# Problem to solve:
In the records below, find the line containing "this 2000×1500 image.", then reproduce that line and every one after it to the end, exactly and alone.

(Source records)
---

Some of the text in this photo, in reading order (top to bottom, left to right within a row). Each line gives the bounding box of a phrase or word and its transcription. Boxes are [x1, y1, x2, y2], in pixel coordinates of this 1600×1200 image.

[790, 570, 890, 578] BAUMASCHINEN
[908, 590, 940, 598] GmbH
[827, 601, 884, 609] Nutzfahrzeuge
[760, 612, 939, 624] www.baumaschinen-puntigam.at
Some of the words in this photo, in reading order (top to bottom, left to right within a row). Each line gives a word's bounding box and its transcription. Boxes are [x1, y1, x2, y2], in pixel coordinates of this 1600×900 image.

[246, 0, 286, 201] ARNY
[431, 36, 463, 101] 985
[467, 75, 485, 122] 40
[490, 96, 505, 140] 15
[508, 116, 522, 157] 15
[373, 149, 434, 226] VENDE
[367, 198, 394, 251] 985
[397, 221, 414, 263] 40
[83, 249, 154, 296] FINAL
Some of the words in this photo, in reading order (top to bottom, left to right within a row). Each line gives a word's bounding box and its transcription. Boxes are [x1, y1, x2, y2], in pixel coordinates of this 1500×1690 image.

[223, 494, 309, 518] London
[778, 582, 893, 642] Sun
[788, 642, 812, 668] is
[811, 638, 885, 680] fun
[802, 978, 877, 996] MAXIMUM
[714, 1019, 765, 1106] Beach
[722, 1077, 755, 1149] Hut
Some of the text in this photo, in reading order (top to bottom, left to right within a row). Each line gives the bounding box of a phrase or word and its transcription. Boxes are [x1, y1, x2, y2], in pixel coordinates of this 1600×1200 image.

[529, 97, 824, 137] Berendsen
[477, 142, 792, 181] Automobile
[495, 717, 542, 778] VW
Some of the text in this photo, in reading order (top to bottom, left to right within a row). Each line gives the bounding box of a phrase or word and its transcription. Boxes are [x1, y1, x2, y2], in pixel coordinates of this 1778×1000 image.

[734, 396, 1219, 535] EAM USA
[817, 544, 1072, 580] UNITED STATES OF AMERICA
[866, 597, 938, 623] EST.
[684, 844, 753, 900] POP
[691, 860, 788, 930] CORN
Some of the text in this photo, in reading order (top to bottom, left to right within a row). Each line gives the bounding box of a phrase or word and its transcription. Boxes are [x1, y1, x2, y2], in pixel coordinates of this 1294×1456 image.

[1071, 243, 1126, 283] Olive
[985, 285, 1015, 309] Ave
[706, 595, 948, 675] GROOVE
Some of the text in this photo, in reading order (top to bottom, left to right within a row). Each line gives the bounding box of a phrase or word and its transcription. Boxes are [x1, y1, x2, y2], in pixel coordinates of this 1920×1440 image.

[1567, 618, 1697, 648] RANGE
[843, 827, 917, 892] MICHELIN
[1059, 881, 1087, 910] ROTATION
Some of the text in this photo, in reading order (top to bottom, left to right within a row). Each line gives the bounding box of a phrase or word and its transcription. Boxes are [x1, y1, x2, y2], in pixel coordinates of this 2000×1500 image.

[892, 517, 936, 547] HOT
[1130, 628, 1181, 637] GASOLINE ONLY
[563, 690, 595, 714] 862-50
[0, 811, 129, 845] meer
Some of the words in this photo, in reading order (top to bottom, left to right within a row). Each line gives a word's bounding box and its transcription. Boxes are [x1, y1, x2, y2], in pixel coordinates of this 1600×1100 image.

---

# Result of the exercise:
Some of the text in this photo, in reading order (top to bottom, left to right within a row). Each line gives the bounding box of a phrase or word and its transcription. Boxes are [x1, y1, x2, y2], in pixel coordinates of this 2000×1500 image.

[892, 517, 936, 547] HOT
[1130, 628, 1181, 637] GASOLINE ONLY
[563, 690, 595, 714] 862-50
[0, 811, 129, 845] meer
Some of the words in this photo, in reading order (top to bottom, left to right within a row). Each line gives a word's bounding box and its transcription. Boxes are [x1, y1, x2, y2], in pixel coordinates of this 1600×1100 image.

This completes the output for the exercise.